Exercise description =
The material below has pictures in it. Set down only the lines from the line containing "Some of the words" through the line containing "this 1904×1606 image.", word for word, and leave the pictures behind.

Dataset extract =
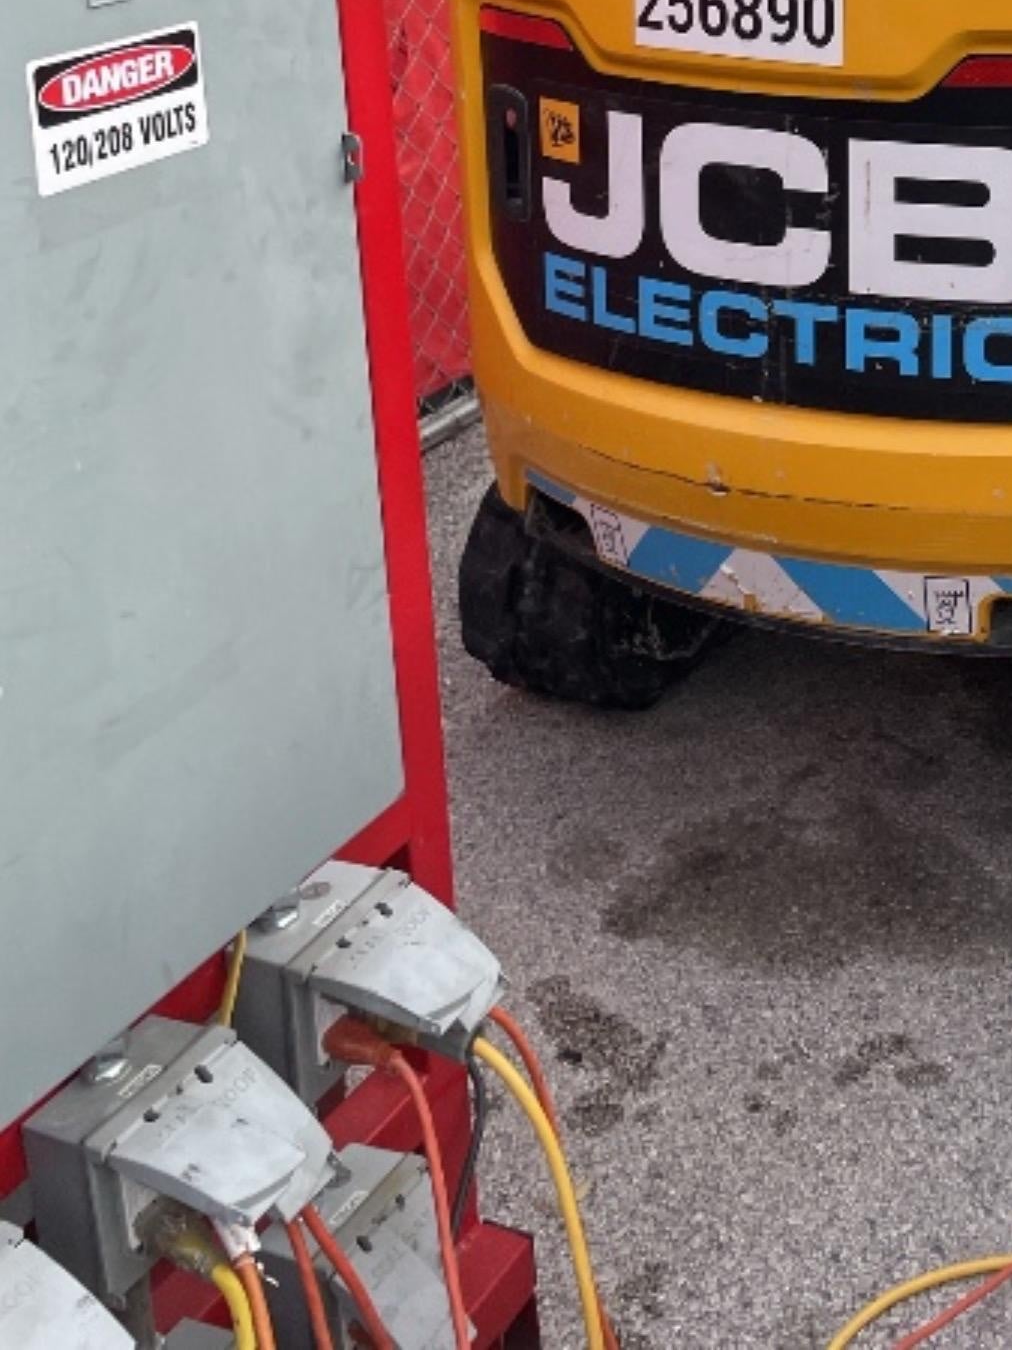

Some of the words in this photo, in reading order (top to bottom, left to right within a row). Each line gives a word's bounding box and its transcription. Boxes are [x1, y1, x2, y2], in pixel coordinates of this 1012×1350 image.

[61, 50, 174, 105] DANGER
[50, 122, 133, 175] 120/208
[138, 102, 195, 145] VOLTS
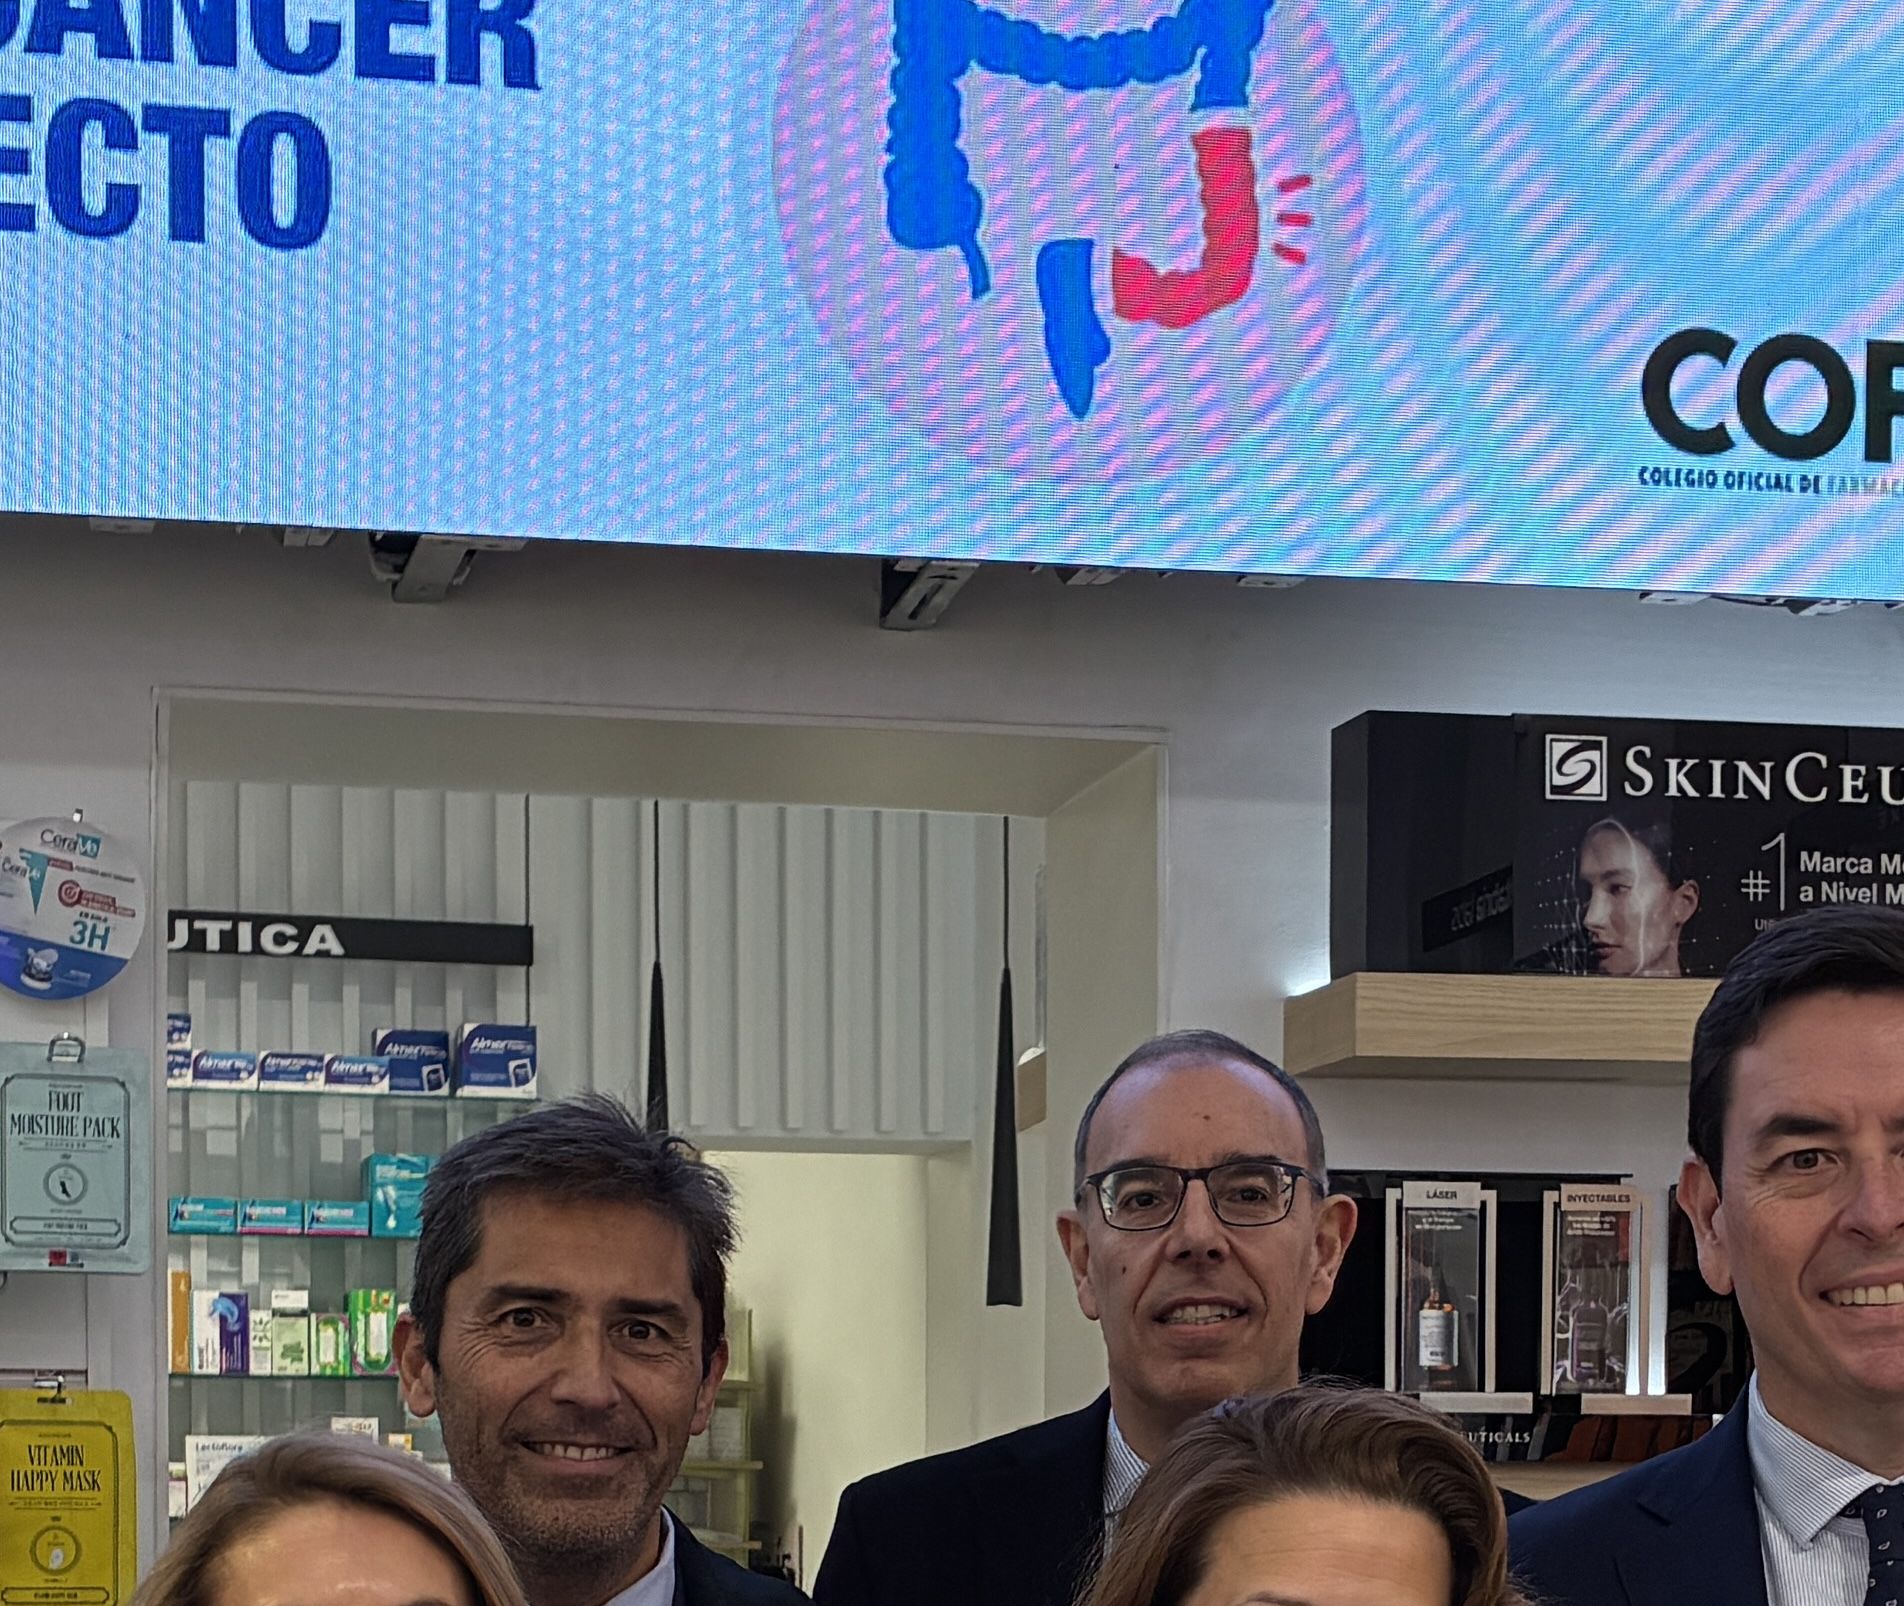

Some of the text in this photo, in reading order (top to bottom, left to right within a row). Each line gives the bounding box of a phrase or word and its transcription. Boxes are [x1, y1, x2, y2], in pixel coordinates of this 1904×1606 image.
--
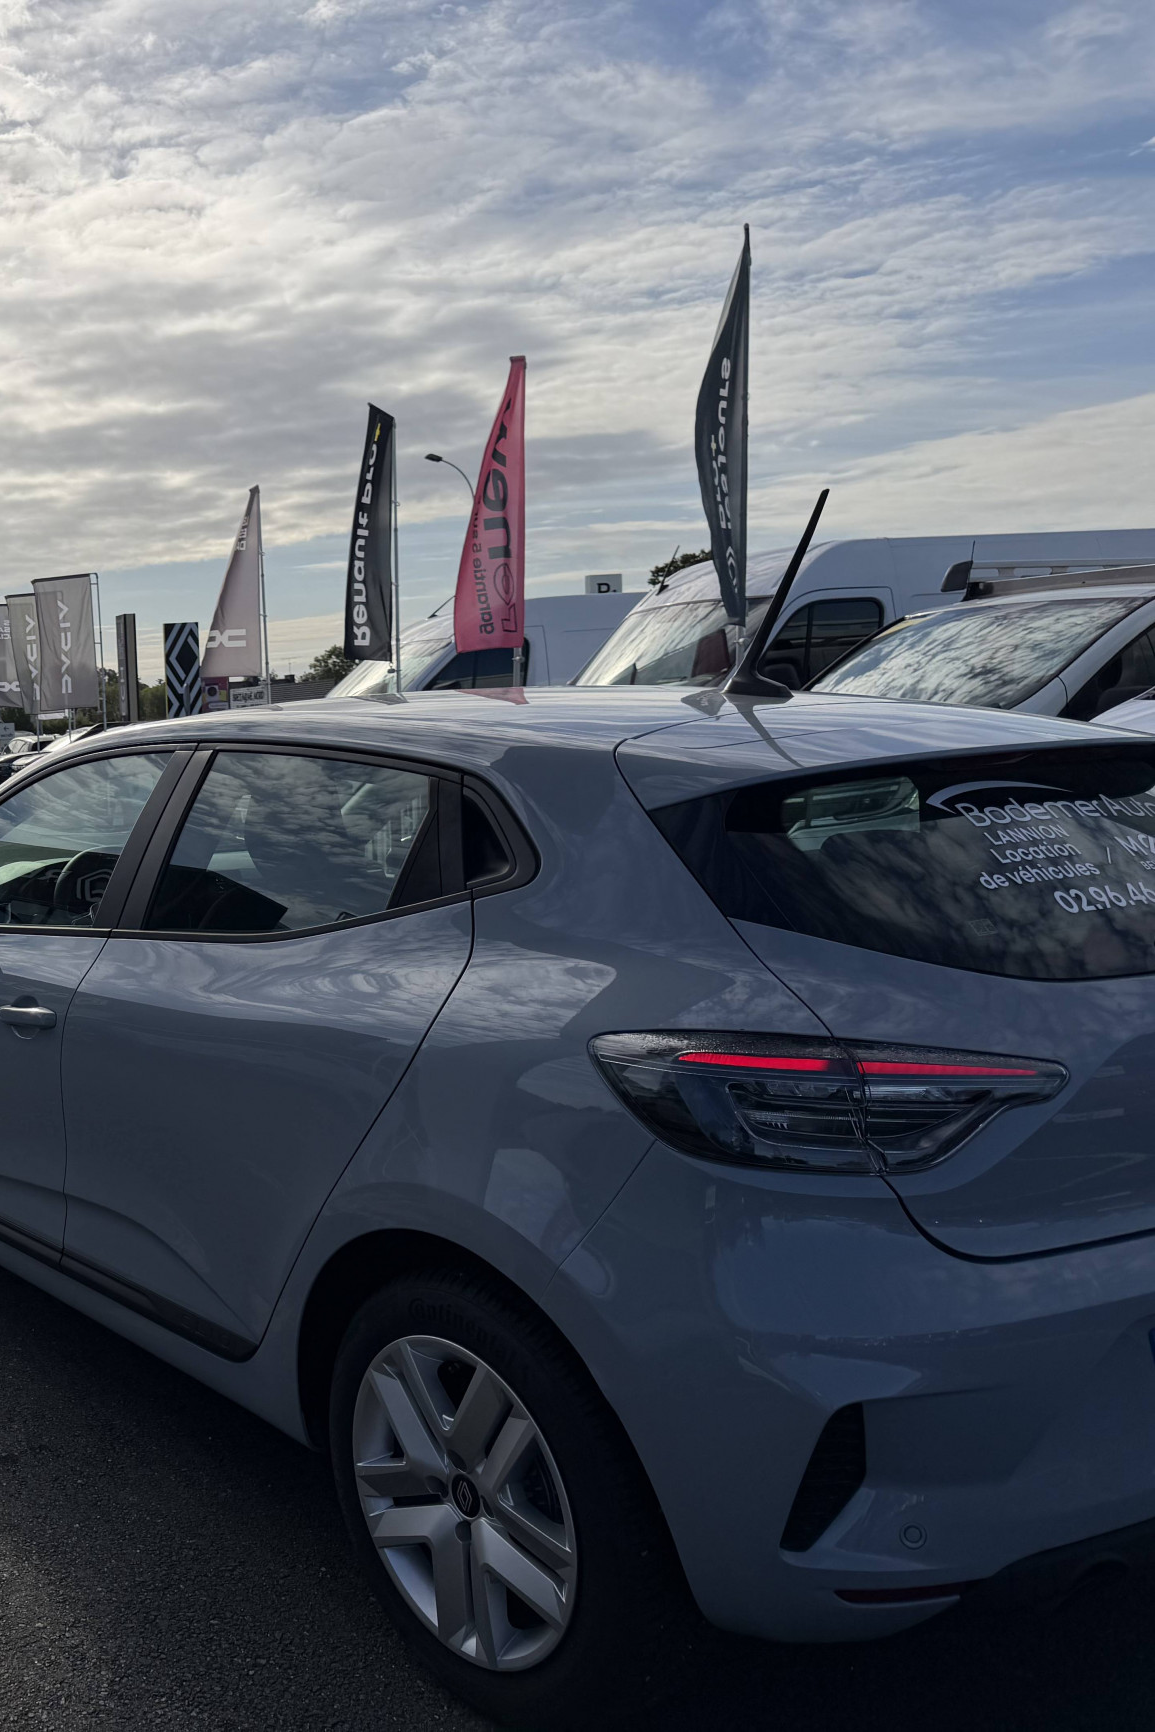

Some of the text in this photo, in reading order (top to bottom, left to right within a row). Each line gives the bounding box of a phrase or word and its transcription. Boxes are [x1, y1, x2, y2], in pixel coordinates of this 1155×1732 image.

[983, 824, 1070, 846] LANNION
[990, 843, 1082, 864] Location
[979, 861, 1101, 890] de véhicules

Answer space =
Some of the words in this photo, in reading order (top to bottom, left to right within a row). Each line gives a word's bounding box and its transcription. Boxes are [x1, y1, x2, y2], in pixel coordinates of this 1012×1350 image.

[61, 50, 174, 105] DANGER
[50, 122, 133, 175] 120/208
[138, 102, 195, 145] VOLTS

Some of the text in this photo, in reading order (top to bottom, left to right within a row). Each line gives the bounding box of a phrase or word and its transcription. Boxes are [x1, y1, x2, y2], in pixel coordinates of this 1904×1606 image.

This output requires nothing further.